INSTRUCTIONS FOR THE TASK:
Reproduce all the data exactly, without pictures.
_ _ _
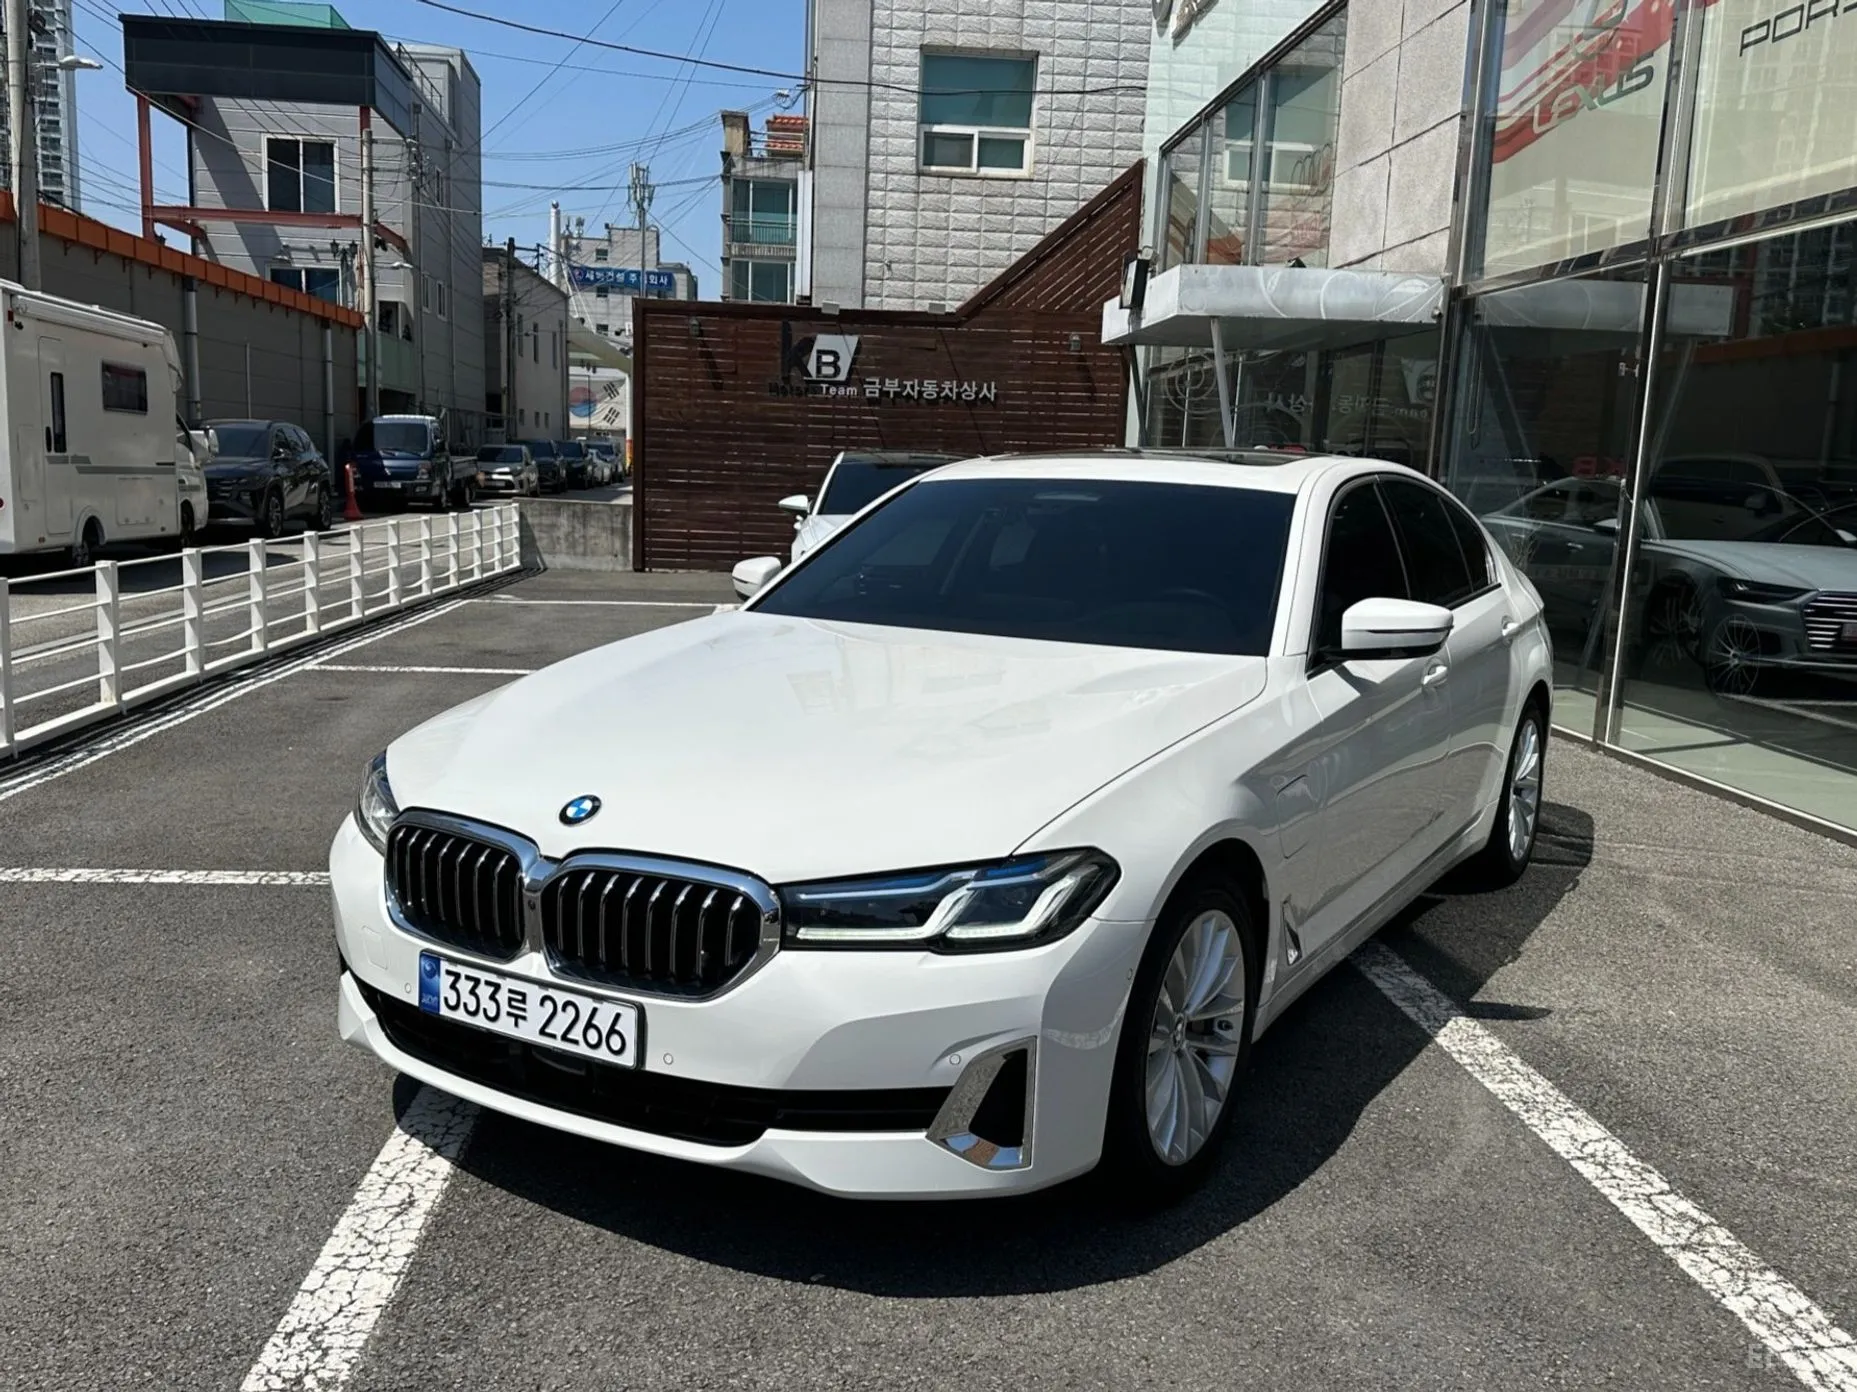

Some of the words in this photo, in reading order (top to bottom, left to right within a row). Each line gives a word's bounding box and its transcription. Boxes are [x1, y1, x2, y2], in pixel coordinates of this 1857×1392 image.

[1739, 0, 1857, 57] POR
[1532, 50, 1655, 135] LEXUS
[820, 383, 858, 397] Team
[863, 376, 998, 402] 금부자동차상사
[443, 969, 528, 1028] 333루
[538, 995, 627, 1056] 2266
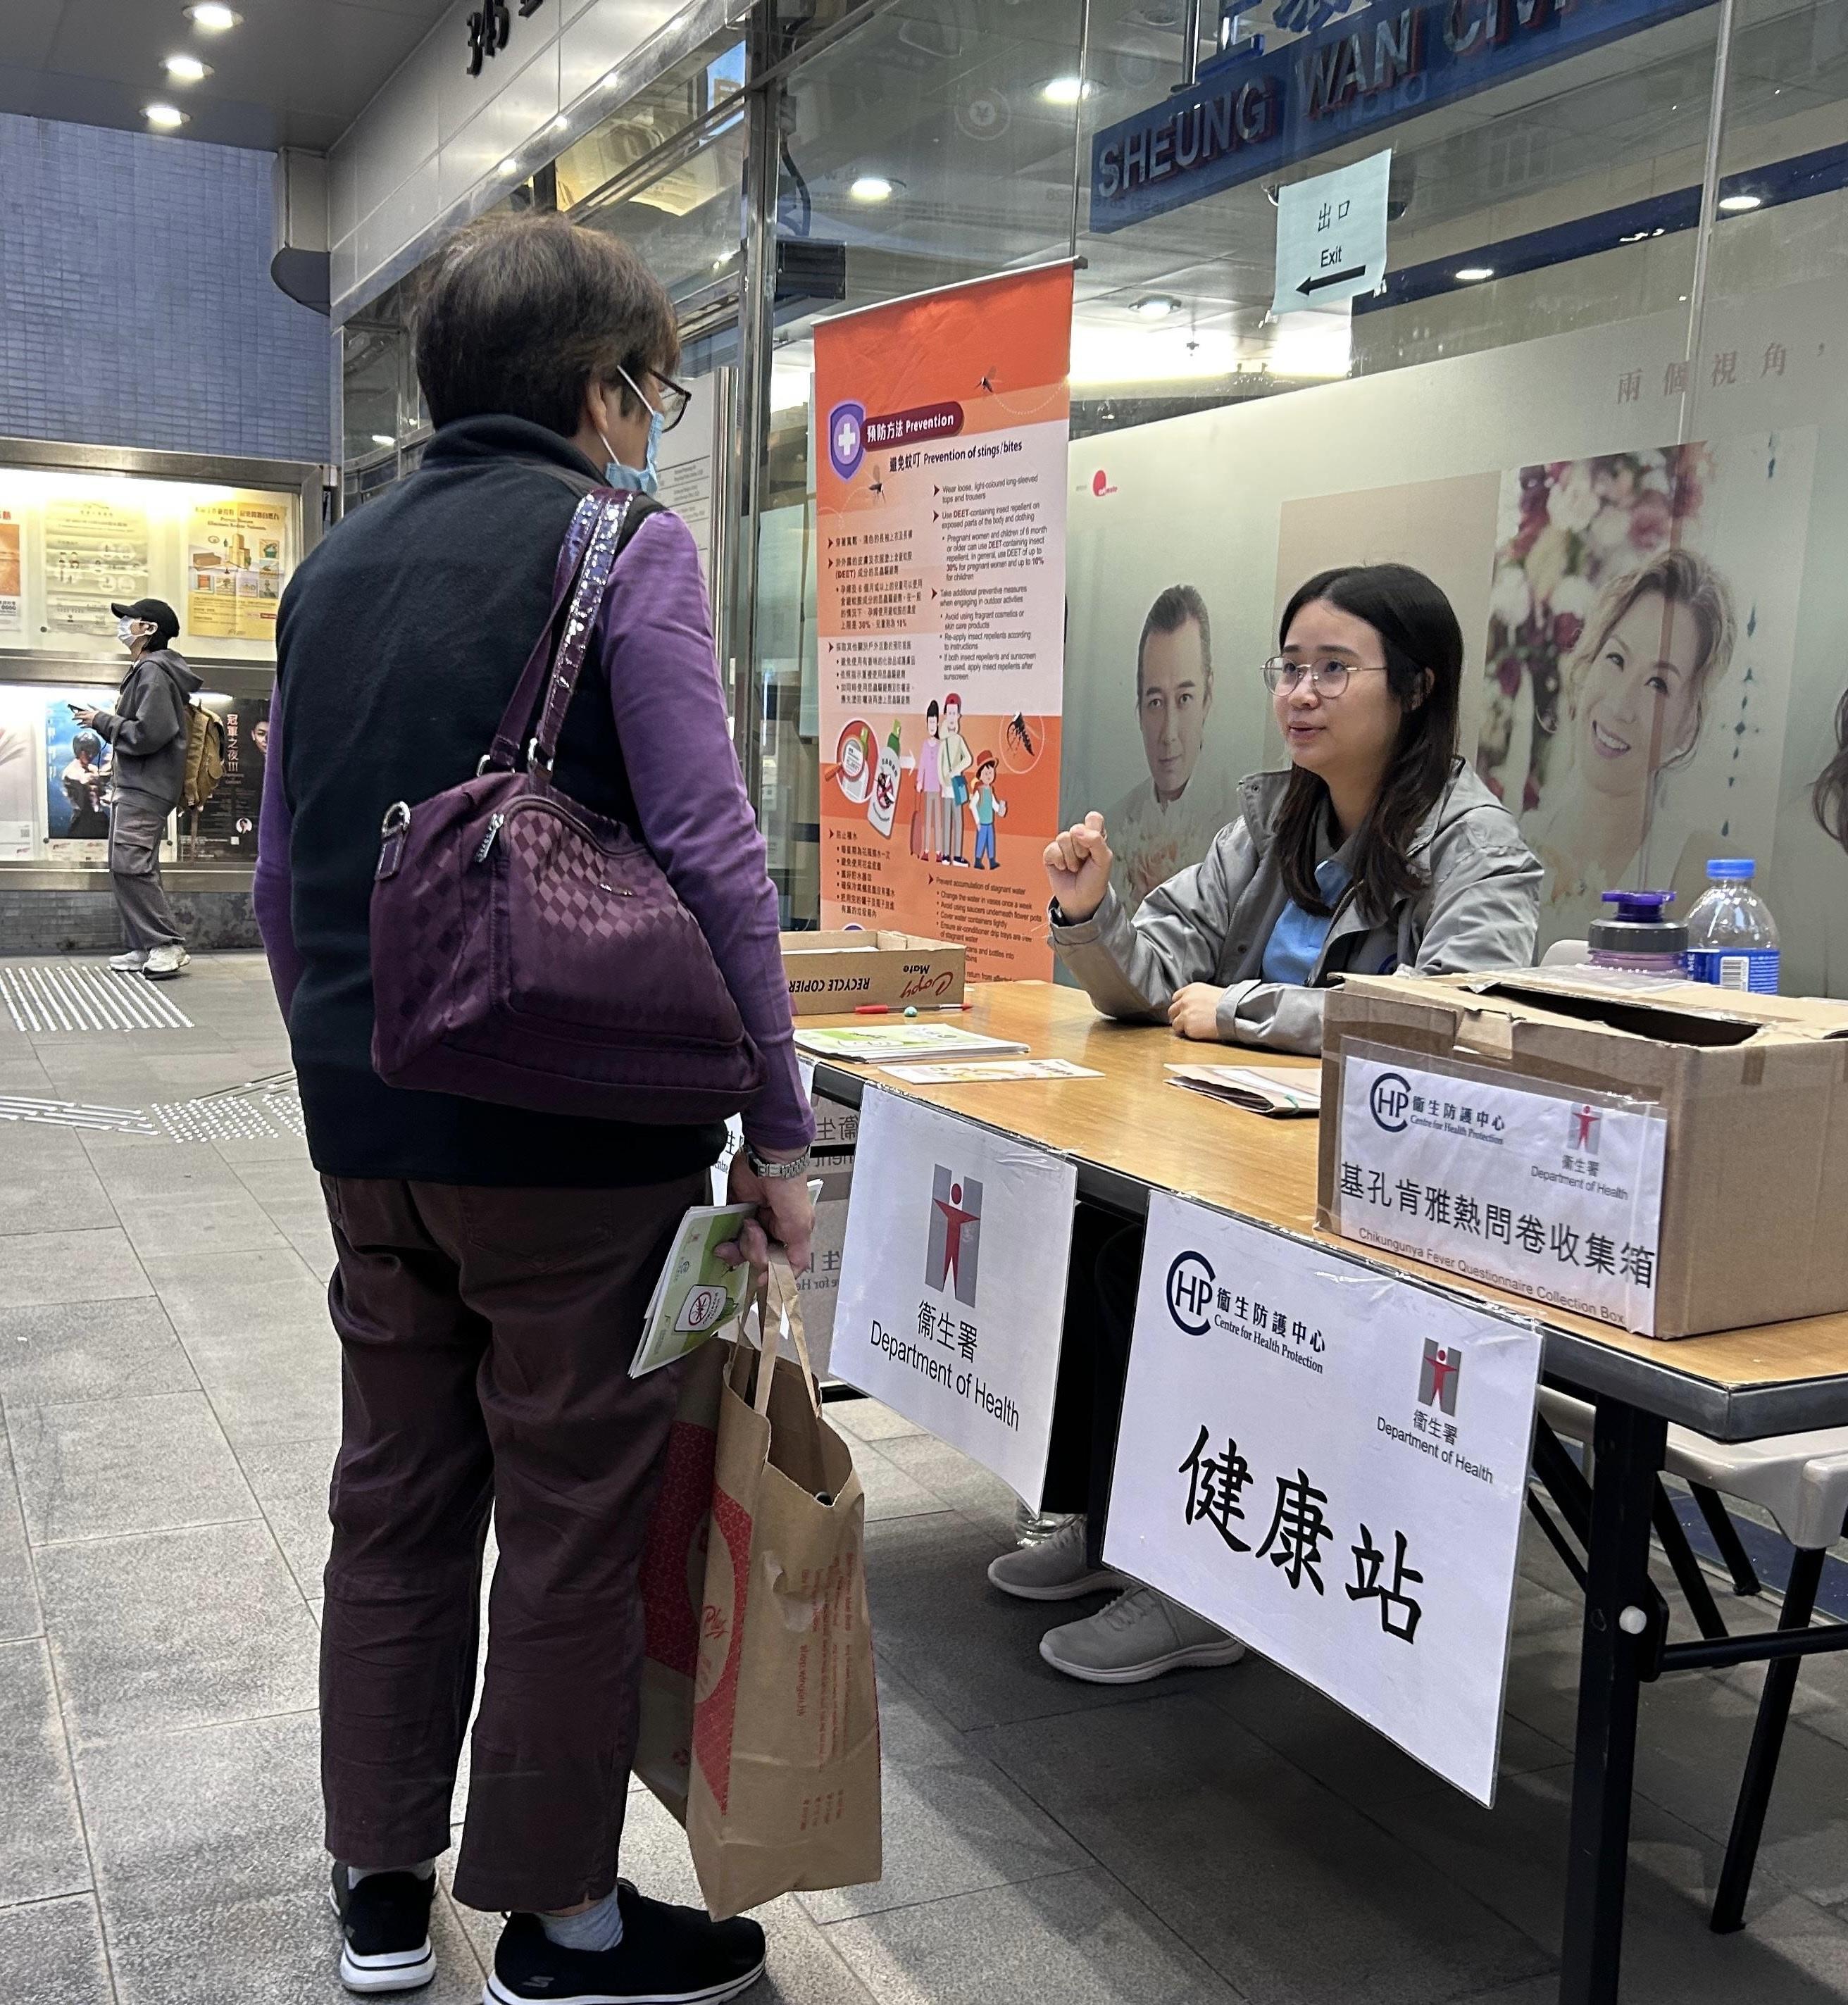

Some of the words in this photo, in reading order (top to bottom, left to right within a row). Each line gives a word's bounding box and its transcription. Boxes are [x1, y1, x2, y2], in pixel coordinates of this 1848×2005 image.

[1099, 79, 1266, 197] SHEUNG
[1294, 8, 1411, 115] WAN
[1318, 200, 1350, 232] 出口
[1321, 245, 1342, 268] Exit
[867, 420, 904, 442] 預防方法
[906, 413, 954, 434] Prevention
[889, 451, 920, 473] 避免蚊叮
[924, 449, 966, 465] Prevention
[968, 445, 975, 458] of
[978, 440, 1023, 458] stings/bites
[942, 495, 953, 504] tops
[954, 494, 964, 502] and
[966, 492, 986, 501] trousers
[996, 504, 1009, 513] insect
[1010, 502, 1032, 512] repellent
[942, 520, 963, 530] exposed
[964, 519, 977, 528] parts
[993, 516, 1004, 526] body
[1005, 515, 1014, 523] and
[1015, 513, 1035, 523] clothing
[836, 569, 856, 579] (DEET)
[954, 573, 974, 581] children
[828, 977, 870, 992] RECYCLE
[899, 971, 954, 999] Copy
[903, 965, 930, 974] Mate
[789, 978, 825, 993] COPIER
[1370, 1073, 1411, 1132] CHP
[1410, 1114, 1432, 1128] Centre
[1432, 1120, 1444, 1130] for
[1444, 1123, 1467, 1137] Health
[1468, 1128, 1504, 1145] Protection
[1531, 1166, 1584, 1189] Department
[1586, 1180, 1596, 1191] of
[1597, 1183, 1628, 1201] Health
[1340, 1161, 1655, 1289] 基孔肯雅熱問卷收集箱
[1359, 1227, 1424, 1259] Chikungunya
[1427, 1249, 1455, 1267] Fever
[1459, 1259, 1533, 1296] Questionnaire
[1537, 1286, 1597, 1316] Collection
[1600, 1306, 1625, 1324] Box
[1166, 1251, 1216, 1336] CHP
[1214, 1314, 1240, 1335] Centre
[1241, 1325, 1252, 1341] for
[1254, 1330, 1280, 1354] Health
[1281, 1344, 1323, 1374] Protection
[870, 1319, 952, 1389] Department
[956, 1373, 972, 1398] of
[975, 1378, 1019, 1432] Health
[1377, 1416, 1439, 1459] Department
[1441, 1450, 1454, 1465] of
[1455, 1453, 1494, 1484] Health
[1178, 1424, 1424, 1644] 健康站
_ _ _
THE COMPLETED TASK:
Some of the words in this photo, in reading order (top to bottom, left to right within a row). Each line gives a word's bounding box and its transcription. Boxes are [x1, y1, x2, y2], in pixel coordinates of this 1857×1392 image.

[1739, 0, 1857, 57] POR
[1532, 50, 1655, 135] LEXUS
[820, 383, 858, 397] Team
[863, 376, 998, 402] 금부자동차상사
[443, 969, 528, 1028] 333루
[538, 995, 627, 1056] 2266

Some of the words in this photo, in reading order (top to bottom, left to right within a row). Each line gives a word's bounding box and its transcription. Boxes are [x1, y1, x2, y2], in pixel coordinates of this 1848×2005 image.

[1099, 79, 1266, 197] SHEUNG
[1294, 8, 1411, 115] WAN
[1318, 200, 1350, 232] 出口
[1321, 245, 1342, 268] Exit
[867, 420, 904, 442] 預防方法
[906, 413, 954, 434] Prevention
[889, 451, 920, 473] 避免蚊叮
[924, 449, 966, 465] Prevention
[968, 445, 975, 458] of
[978, 440, 1023, 458] stings/bites
[942, 495, 953, 504] tops
[954, 494, 964, 502] and
[966, 492, 986, 501] trousers
[996, 504, 1009, 513] insect
[1010, 502, 1032, 512] repellent
[942, 520, 963, 530] exposed
[964, 519, 977, 528] parts
[993, 516, 1004, 526] body
[1005, 515, 1014, 523] and
[1015, 513, 1035, 523] clothing
[836, 569, 856, 579] (DEET)
[954, 573, 974, 581] children
[828, 977, 870, 992] RECYCLE
[899, 971, 954, 999] Copy
[903, 965, 930, 974] Mate
[789, 978, 825, 993] COPIER
[1370, 1073, 1411, 1132] CHP
[1410, 1114, 1432, 1128] Centre
[1432, 1120, 1444, 1130] for
[1444, 1123, 1467, 1137] Health
[1468, 1128, 1504, 1145] Protection
[1531, 1166, 1584, 1189] Department
[1586, 1180, 1596, 1191] of
[1597, 1183, 1628, 1201] Health
[1340, 1161, 1655, 1289] 基孔肯雅熱問卷收集箱
[1359, 1227, 1424, 1259] Chikungunya
[1427, 1249, 1455, 1267] Fever
[1459, 1259, 1533, 1296] Questionnaire
[1537, 1286, 1597, 1316] Collection
[1600, 1306, 1625, 1324] Box
[1166, 1251, 1216, 1336] CHP
[1214, 1314, 1240, 1335] Centre
[1241, 1325, 1252, 1341] for
[1254, 1330, 1280, 1354] Health
[1281, 1344, 1323, 1374] Protection
[870, 1319, 952, 1389] Department
[956, 1373, 972, 1398] of
[975, 1378, 1019, 1432] Health
[1377, 1416, 1439, 1459] Department
[1441, 1450, 1454, 1465] of
[1455, 1453, 1494, 1484] Health
[1178, 1424, 1424, 1644] 健康站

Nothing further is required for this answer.